Masthead
Meet the editors, readers, and interns whose work—from discovering up-and-coming authors to assembling engaging new issues—makes MQR the vibrant journal it is today.
Editor-in-Chief: Khaled Mattawa
Khaled Mattawa is the William Wilhartz Endowed Professor of English Language and Literature. Mattawa was born in Benghazi, Libya, in 1964 and immigrated to the United States in his teens. Mattawa received a BA in political science and economics from the University of Tennessee at Chattanooga before earning an MA in English and an MFA in creative writing from Indiana University, as well as a PhD from Duke University in 2009.
Mattawa’s collections of poetry include Fugitive Atlas (Graywolf Press, 2020); Tocqueville (New Issues, 2010); Amorisco (Ausable, 2008); Zodiac of Echoes(Ausable, 2003); and Ismailia Eclipse (Sheep Meadow Press, 1995). He is also the author of the critical work Mahmoud Darwish: The Poet’s Art and His Nation (Syracuse University Press, 2014).
Mattawa has translated many volumes of contemporary Arabic poetry and coedited three anthologies of Arab American literature. His many books of translation include Adonis: Selected Poems (Yale University Press, 2010); Invitation to a Secret Feast (Tupelo Press, 2008) by Joumana Haddad; A Red Cherry on A White-Tile Floor (Copper Canyon Press, 2007) by Maram Al-Massri; Miracle Maker, Selected Poems of Fadhil Al-Azzawi (BOA Editions, 2004); and Without An Alphabet, Without A Face: Selected Poems of Saadi Youssef (Graywolf Press, 2002).

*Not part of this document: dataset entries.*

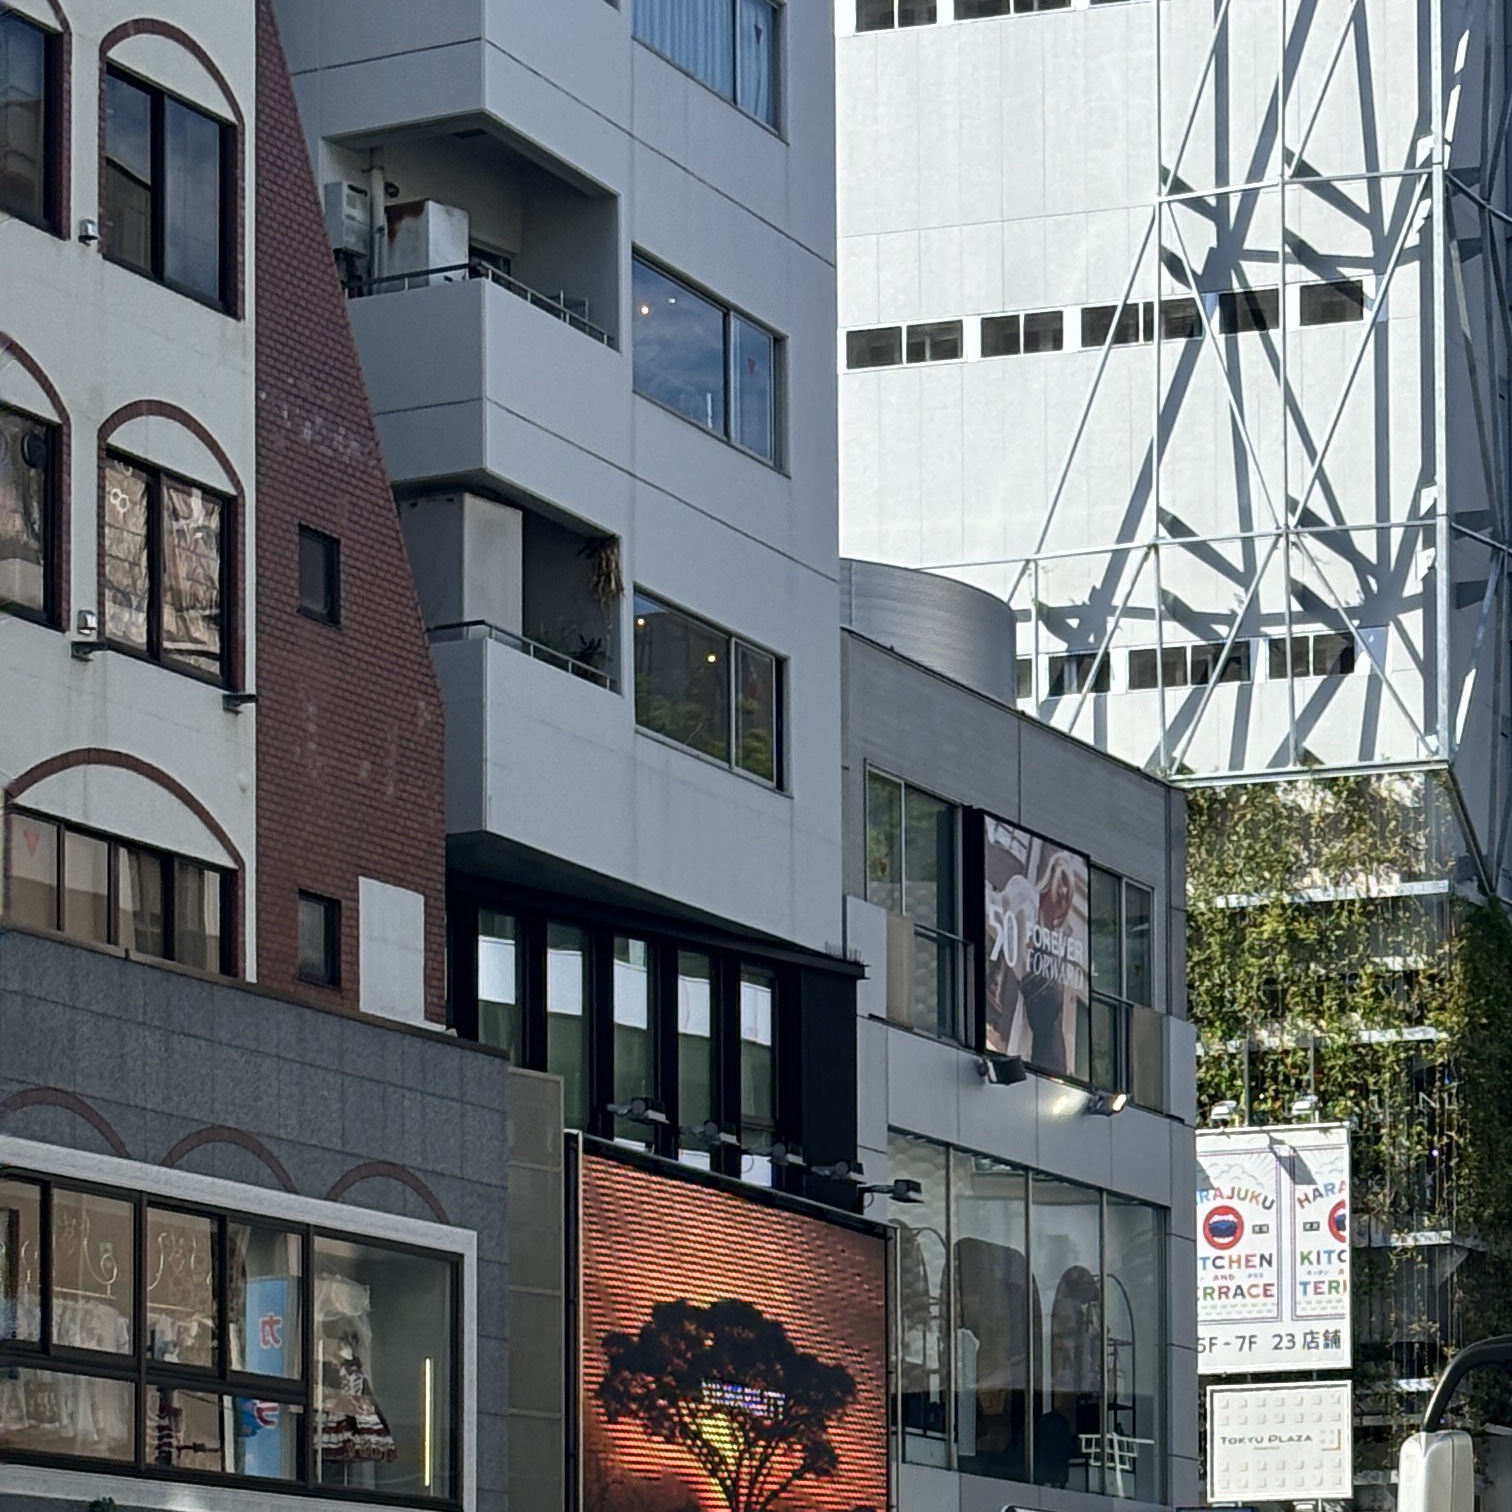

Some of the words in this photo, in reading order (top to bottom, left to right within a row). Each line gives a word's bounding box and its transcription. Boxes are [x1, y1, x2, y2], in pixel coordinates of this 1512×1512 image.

[1025, 920, 1084, 964] FOREVER
[1026, 948, 1085, 990] FORWARD
[1196, 1186, 1275, 1211] RAJUKU
[1197, 1282, 1276, 1301] RRACE
[1220, 1435, 1264, 1446] TOKYU
[1268, 1433, 1313, 1445] PLAZA

Poetry Editor: Tyler Dunston
Tyler Dunston is a writer and visual artist. His recent poems have appeared in Hawai’i Pacific Review, Narrative Magazine, Raleigh Review, and other journals, and his critical work can be found in the Los Angeles Review of Books, Michigan Quarterly Review (online), and elsewhere. He received his M.F.A. in poetry from Boston University and is currently a Ph.D. Candidate in English literature at the University of Michigan.

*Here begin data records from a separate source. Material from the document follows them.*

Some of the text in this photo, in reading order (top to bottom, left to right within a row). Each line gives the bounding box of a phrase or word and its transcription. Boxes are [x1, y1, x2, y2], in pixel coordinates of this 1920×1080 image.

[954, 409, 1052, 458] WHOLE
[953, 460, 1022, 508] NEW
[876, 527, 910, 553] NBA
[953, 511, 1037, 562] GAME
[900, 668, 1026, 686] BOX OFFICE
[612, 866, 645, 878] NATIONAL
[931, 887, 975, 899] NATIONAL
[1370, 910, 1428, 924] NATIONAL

On what kind of submissions he’s looking for: “This is a difficult question for me as I do believe that, to some extent, a poem establishes its own universe, and so I’m wary of imposing guidelines on a universe I have yet to visit. As an editor I try to first ask what a poem is doing rather than what I think of it–a kind of readerly equivalent of listening before I speak. I do often find myself especially drawn to poems that display an awareness of the sound and rhythm of words. Call it music, but only in the most capacious sense of the word, one which does not imply narrow definitions of traditional prosody; to me, the music of a good poem can be harmonious, but it can also be jagged, unconventional, atonal, so to speak. Accordingly, I am open to poems employing meter and rhyme, works which challenge formal conventions, and everything in between. Finally, I am often drawn to poems that are at least as interested in questions as in answers, unafraid of dwelling with what they do not know. That said, in general, I hope that poets’ submissions will not be overdetermined by my editorial taste. I am open to being surprised, to meeting a poem that encourages me to expand my idea of what a poem can be and do. Send me your poem as it wants to be.“
Fiction Editor: Polly Rosenwaike
Polly Rosenwaike’s story collection, Look How Happy I’m Making You, was published by Doubleday in 2019. Her fiction has appeared in the O. Henry Prize Stories, Glimmer Train, New York Magazine’s The Cut, Colorado Review, New England Review, and other journals. Book reviews and essays have appeared in the New York Times Book Review, the San Francisco Chronicle, The Millions, Lit Hub, and Dame Magazine. She currently works as a freelance editor in Ann Arbor.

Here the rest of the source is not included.